When he thought of the hundreds of thousands—or even millions—of characters awaiting translation and illustration, this crushing despair finally broke a man who had survived even anomalous phenomena.

At the sound of the bell at two in the afternoon, Kraft rose from his desk, took out paper and pen, and began today’s transcription.

Manuscripts filled with writing lay open nearby to dry; sunlight streamed through the window, illuminating the papers on his desk, the ink bottle’s shadow stretching longer as time passed, while occasional student voices drifted in from outside.

He was lost in his own world, momentarily forgetting his transmigration—as if his soul, devoted solely to study, sat in an afternoon demonstration room, facing freshly made notes that would smudge if touched by a careless hand.

Writing gave him a sense of absorption; only when the light dimmed did he snap back to reality—the bell tower had just chimed its sixth afternoon strike.

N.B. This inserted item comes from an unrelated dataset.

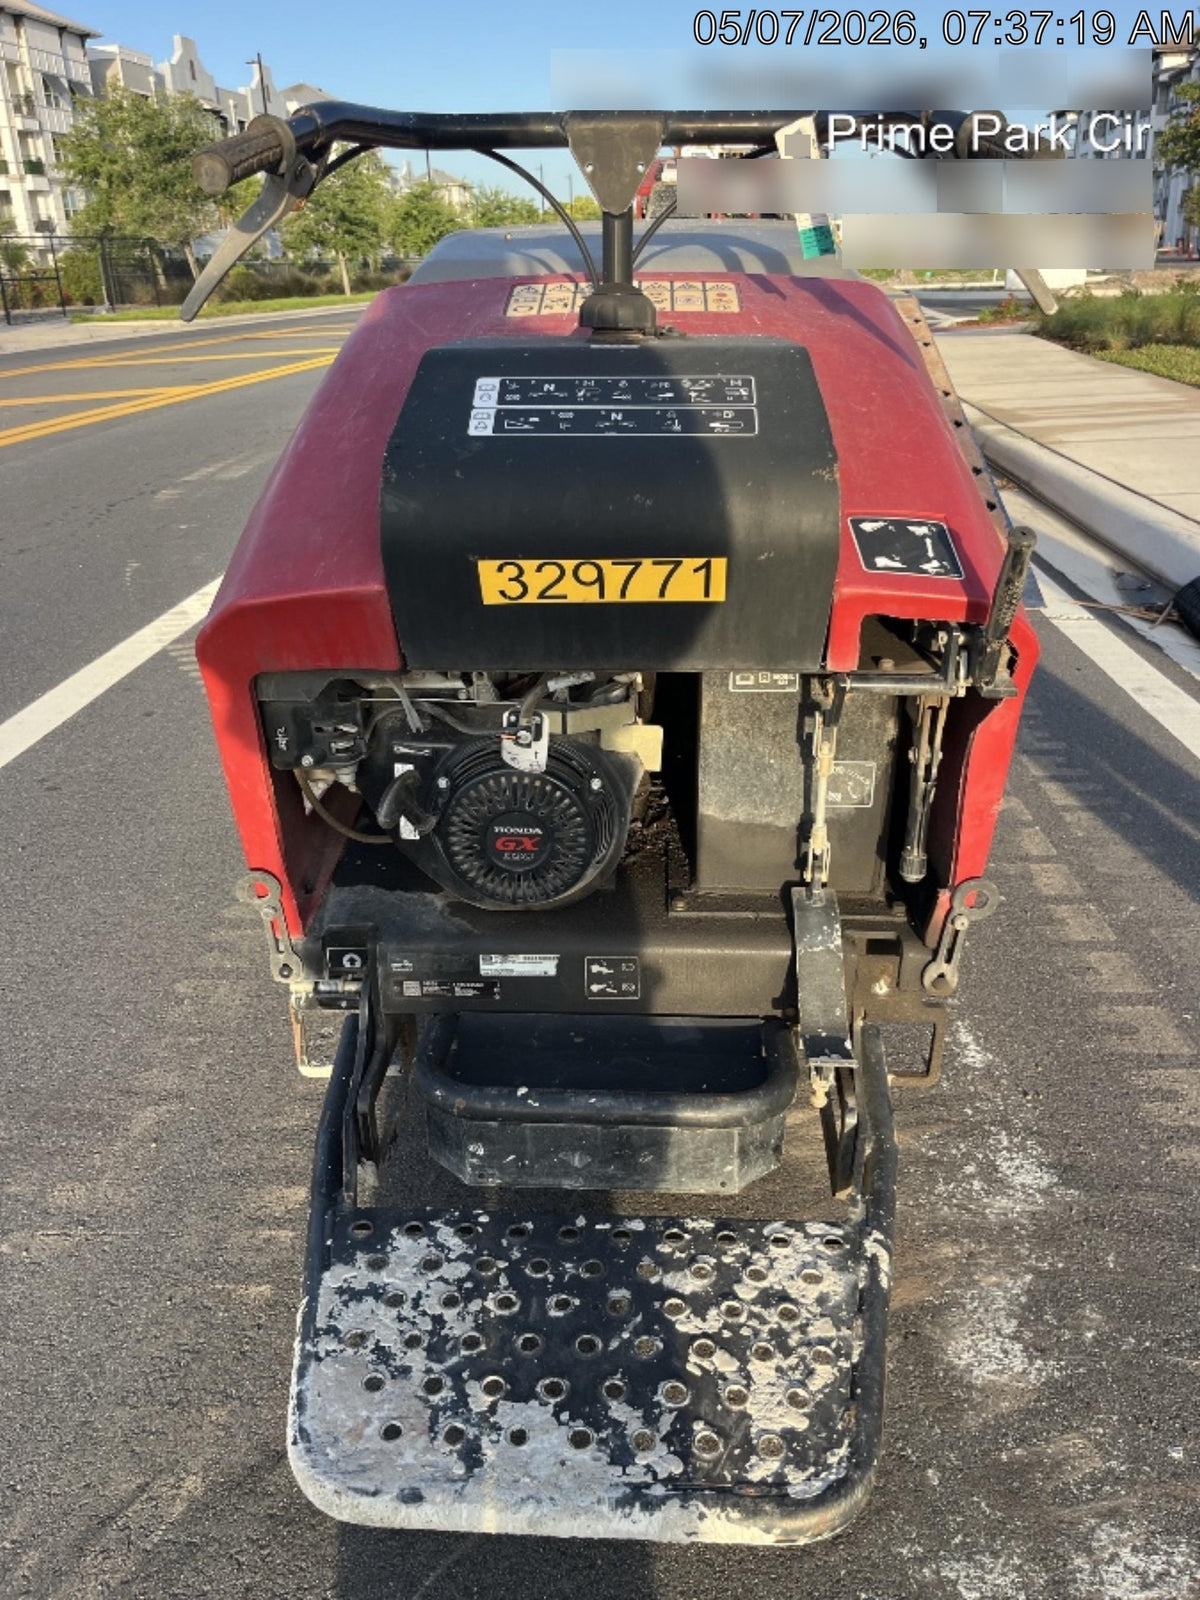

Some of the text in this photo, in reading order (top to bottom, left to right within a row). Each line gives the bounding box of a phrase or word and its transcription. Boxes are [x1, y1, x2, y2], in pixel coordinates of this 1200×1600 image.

Kraft rose, gathered his things, neatly stacked his day’s work, and carried his books alone back to the inn, where he ate cod soup and bread alone, then returned to his room alone to light a candle.

He spread out brittle, low-quality paper—used for unimportant daily notes, pressed from coarse fibers, which, over time, would snap like nori with a crisp crack.

But it was perfect here. Before exhaustion overtook him, he wrote his lesson plan for tomorrow, sketching the diagrams he would draw on the brittle paper.

After the final evening bell, to ensure energy for tomorrow, Kraft blew out the candle, ending his repetitive yet fulfilling day.

This was good enough. Lying in bed, Kraft felt, for the first time in a long while, peace in the darkness. He was content to live this life—lecturer to professor, perhaps even renowned, leaving books for posterity.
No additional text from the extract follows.